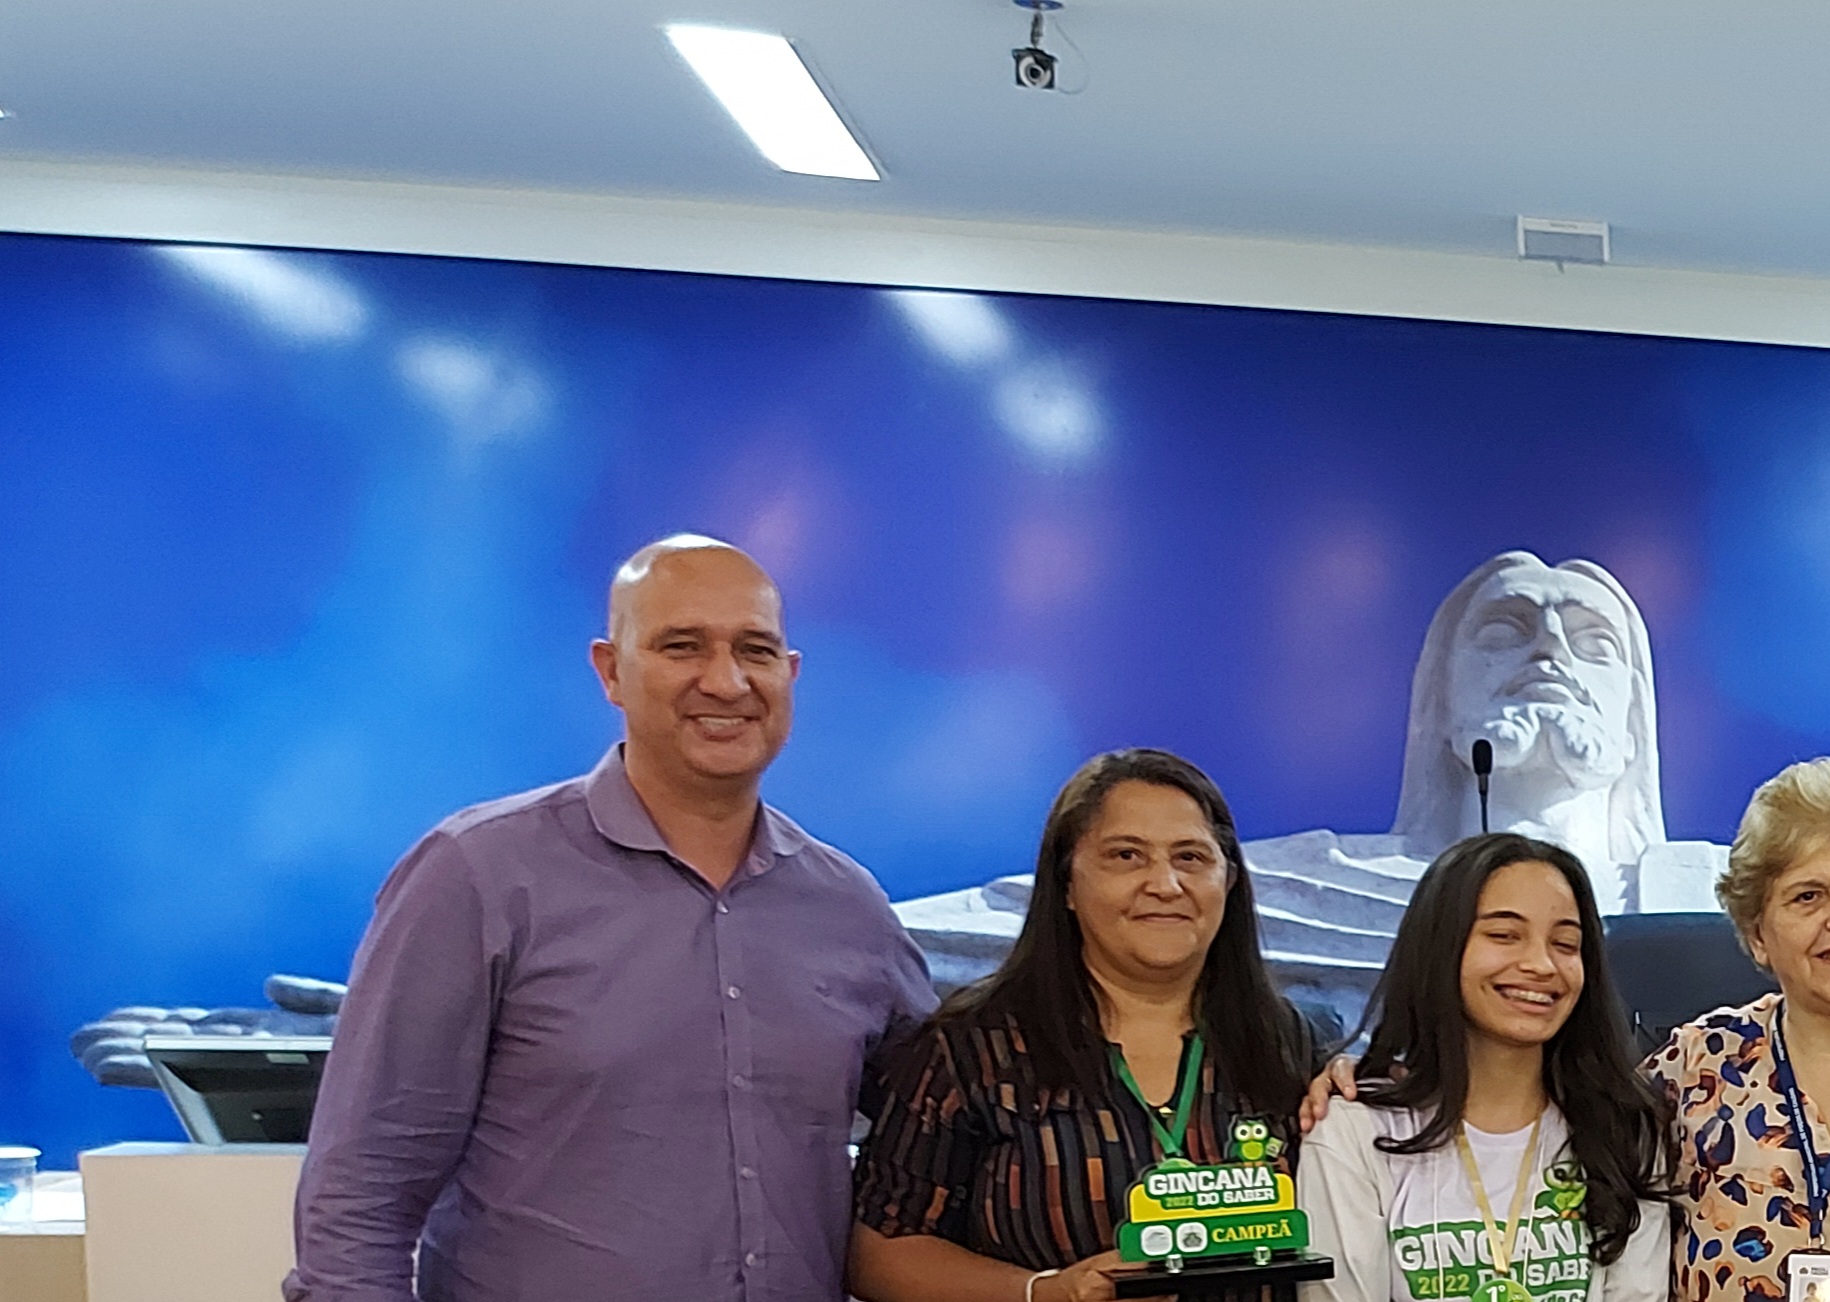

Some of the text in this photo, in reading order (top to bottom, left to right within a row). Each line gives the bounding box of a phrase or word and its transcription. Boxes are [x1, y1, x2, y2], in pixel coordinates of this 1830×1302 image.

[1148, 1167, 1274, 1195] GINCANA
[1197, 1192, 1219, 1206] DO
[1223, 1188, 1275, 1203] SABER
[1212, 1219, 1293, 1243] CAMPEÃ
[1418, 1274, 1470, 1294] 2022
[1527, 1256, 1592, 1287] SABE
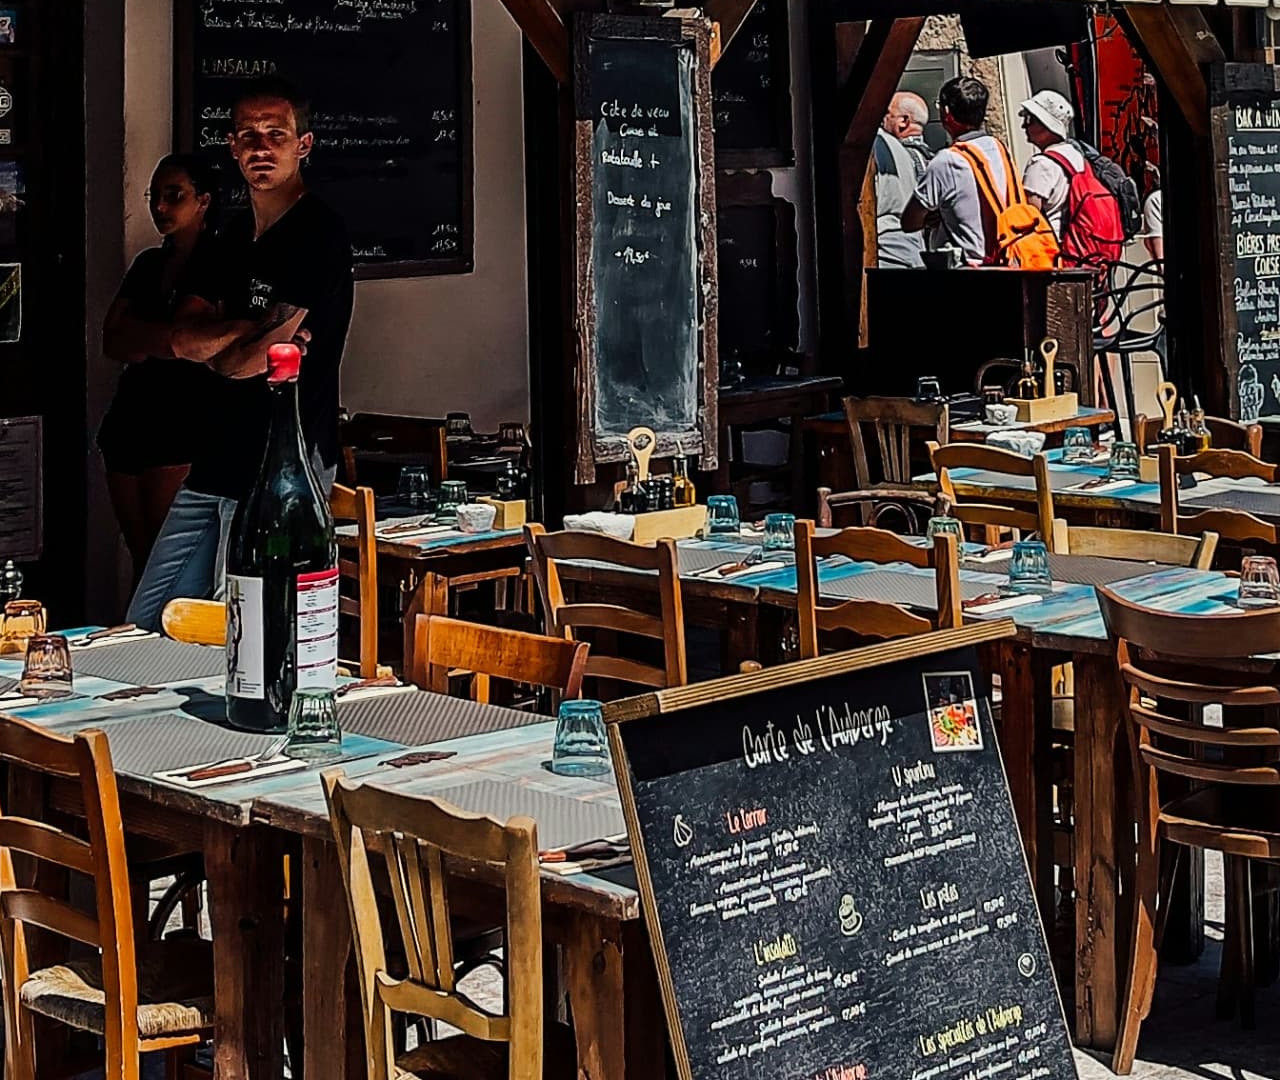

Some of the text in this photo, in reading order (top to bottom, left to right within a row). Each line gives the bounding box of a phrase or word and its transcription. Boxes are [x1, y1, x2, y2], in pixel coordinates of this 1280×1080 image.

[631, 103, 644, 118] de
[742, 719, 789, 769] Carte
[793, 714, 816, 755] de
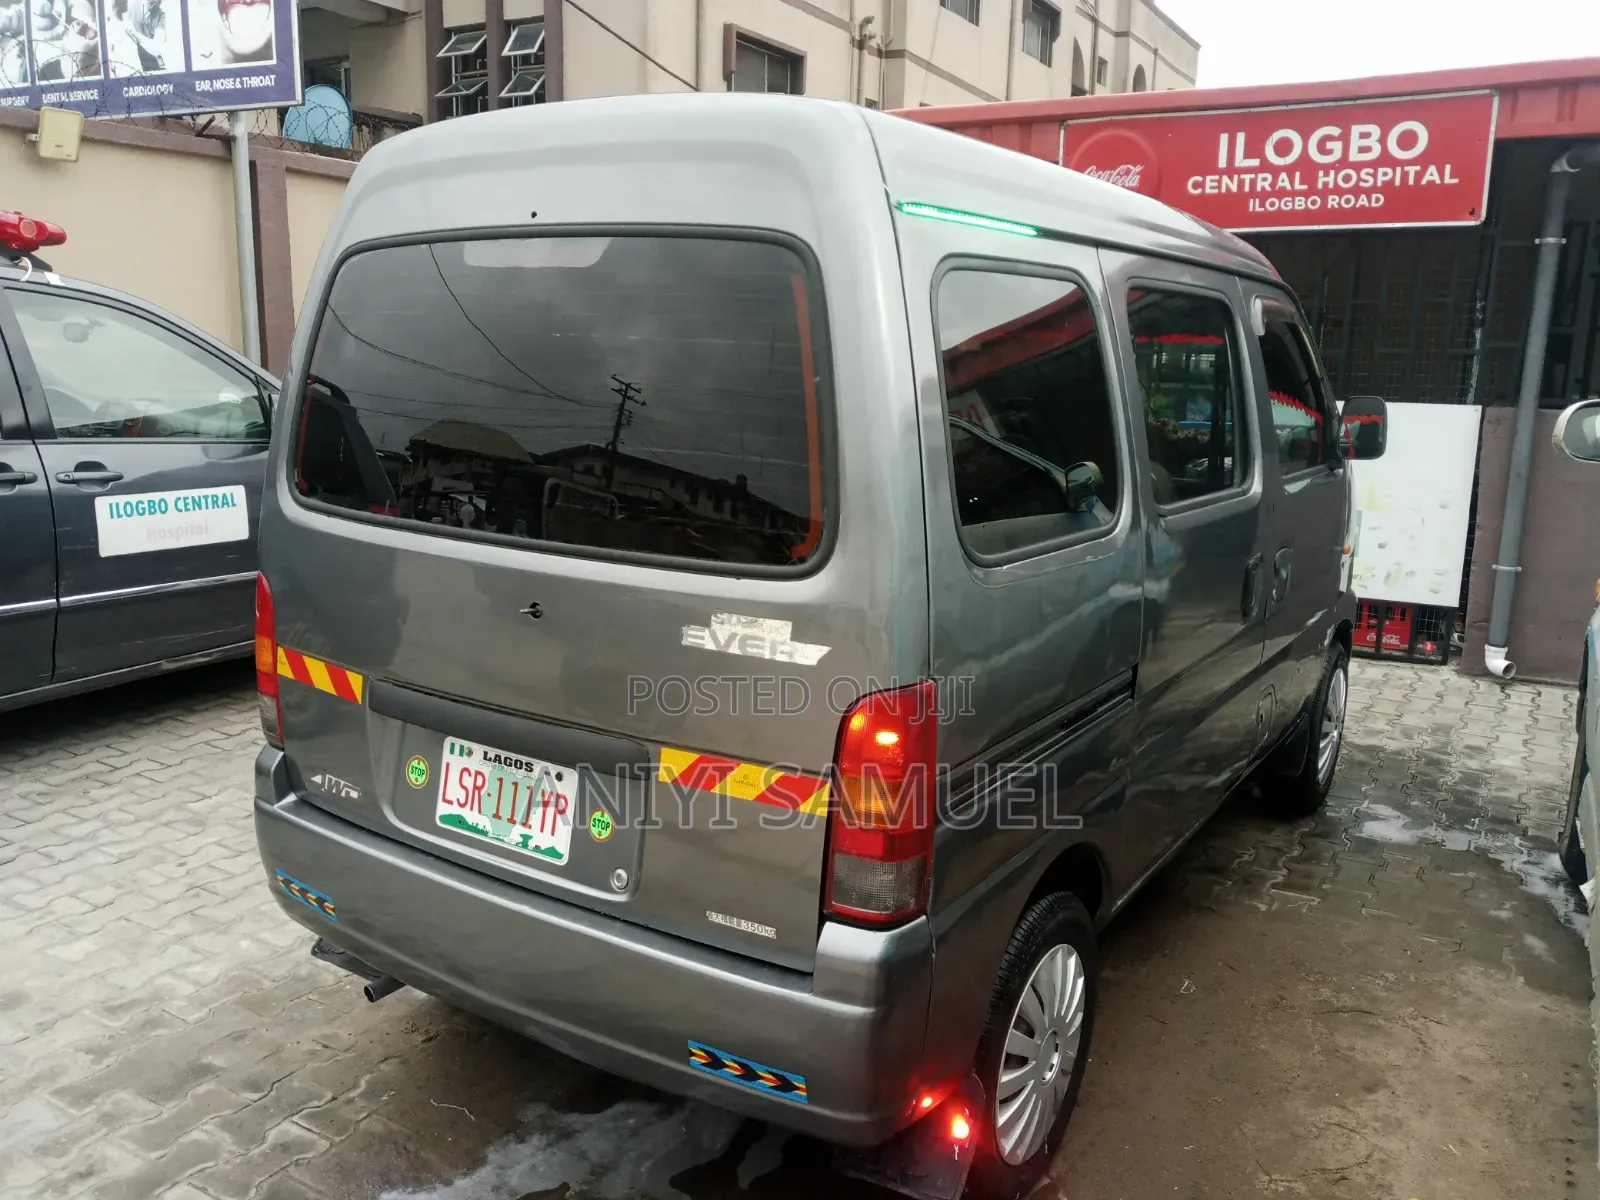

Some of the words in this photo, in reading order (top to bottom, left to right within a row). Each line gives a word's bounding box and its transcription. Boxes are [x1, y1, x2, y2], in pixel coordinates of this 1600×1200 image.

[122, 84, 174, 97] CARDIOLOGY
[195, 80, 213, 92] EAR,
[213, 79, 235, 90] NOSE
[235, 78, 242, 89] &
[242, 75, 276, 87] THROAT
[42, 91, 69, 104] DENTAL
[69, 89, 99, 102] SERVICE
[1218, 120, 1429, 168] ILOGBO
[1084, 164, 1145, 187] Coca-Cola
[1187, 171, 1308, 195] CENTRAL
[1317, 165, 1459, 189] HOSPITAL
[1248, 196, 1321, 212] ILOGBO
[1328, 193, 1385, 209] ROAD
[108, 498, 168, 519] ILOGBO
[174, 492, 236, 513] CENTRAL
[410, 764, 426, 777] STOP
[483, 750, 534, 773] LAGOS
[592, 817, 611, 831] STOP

▶ _Exercise prompt_: Take the data above and set it down exactly, images excluded.

▶ _Output of the task_:
Some of the text in this photo, in reading order (top to bottom, left to right within a row). Each line gives the bounding box of a phrase or word and its transcription. Boxes are [x1, y1, x2, y2], in pixel coordinates of this 1830×1302 image.

[1148, 1167, 1274, 1195] GINCANA
[1197, 1192, 1219, 1206] DO
[1223, 1188, 1275, 1203] SABER
[1212, 1219, 1293, 1243] CAMPEÃ
[1418, 1274, 1470, 1294] 2022
[1527, 1256, 1592, 1287] SABE

Some of the text in this photo, in reading order (top to bottom, left to right within a row). Each line gives the bounding box of a phrase or word and its transcription. Boxes are [x1, y1, x2, y2], in pixel coordinates of this 1280×1080 image.

[631, 103, 644, 118] de
[742, 719, 789, 769] Carte
[793, 714, 816, 755] de

Some of the words in this photo, in reading order (top to bottom, left to right within a row). Each line gives a word's bounding box and its transcription. Boxes are [x1, y1, x2, y2], in pixel coordinates of this 1600×1200 image.

[122, 84, 174, 97] CARDIOLOGY
[195, 80, 213, 92] EAR,
[213, 79, 235, 90] NOSE
[235, 78, 242, 89] &
[242, 75, 276, 87] THROAT
[42, 91, 69, 104] DENTAL
[69, 89, 99, 102] SERVICE
[1218, 120, 1429, 168] ILOGBO
[1084, 164, 1145, 187] Coca-Cola
[1187, 171, 1308, 195] CENTRAL
[1317, 165, 1459, 189] HOSPITAL
[1248, 196, 1321, 212] ILOGBO
[1328, 193, 1385, 209] ROAD
[108, 498, 168, 519] ILOGBO
[174, 492, 236, 513] CENTRAL
[410, 764, 426, 777] STOP
[483, 750, 534, 773] LAGOS
[592, 817, 611, 831] STOP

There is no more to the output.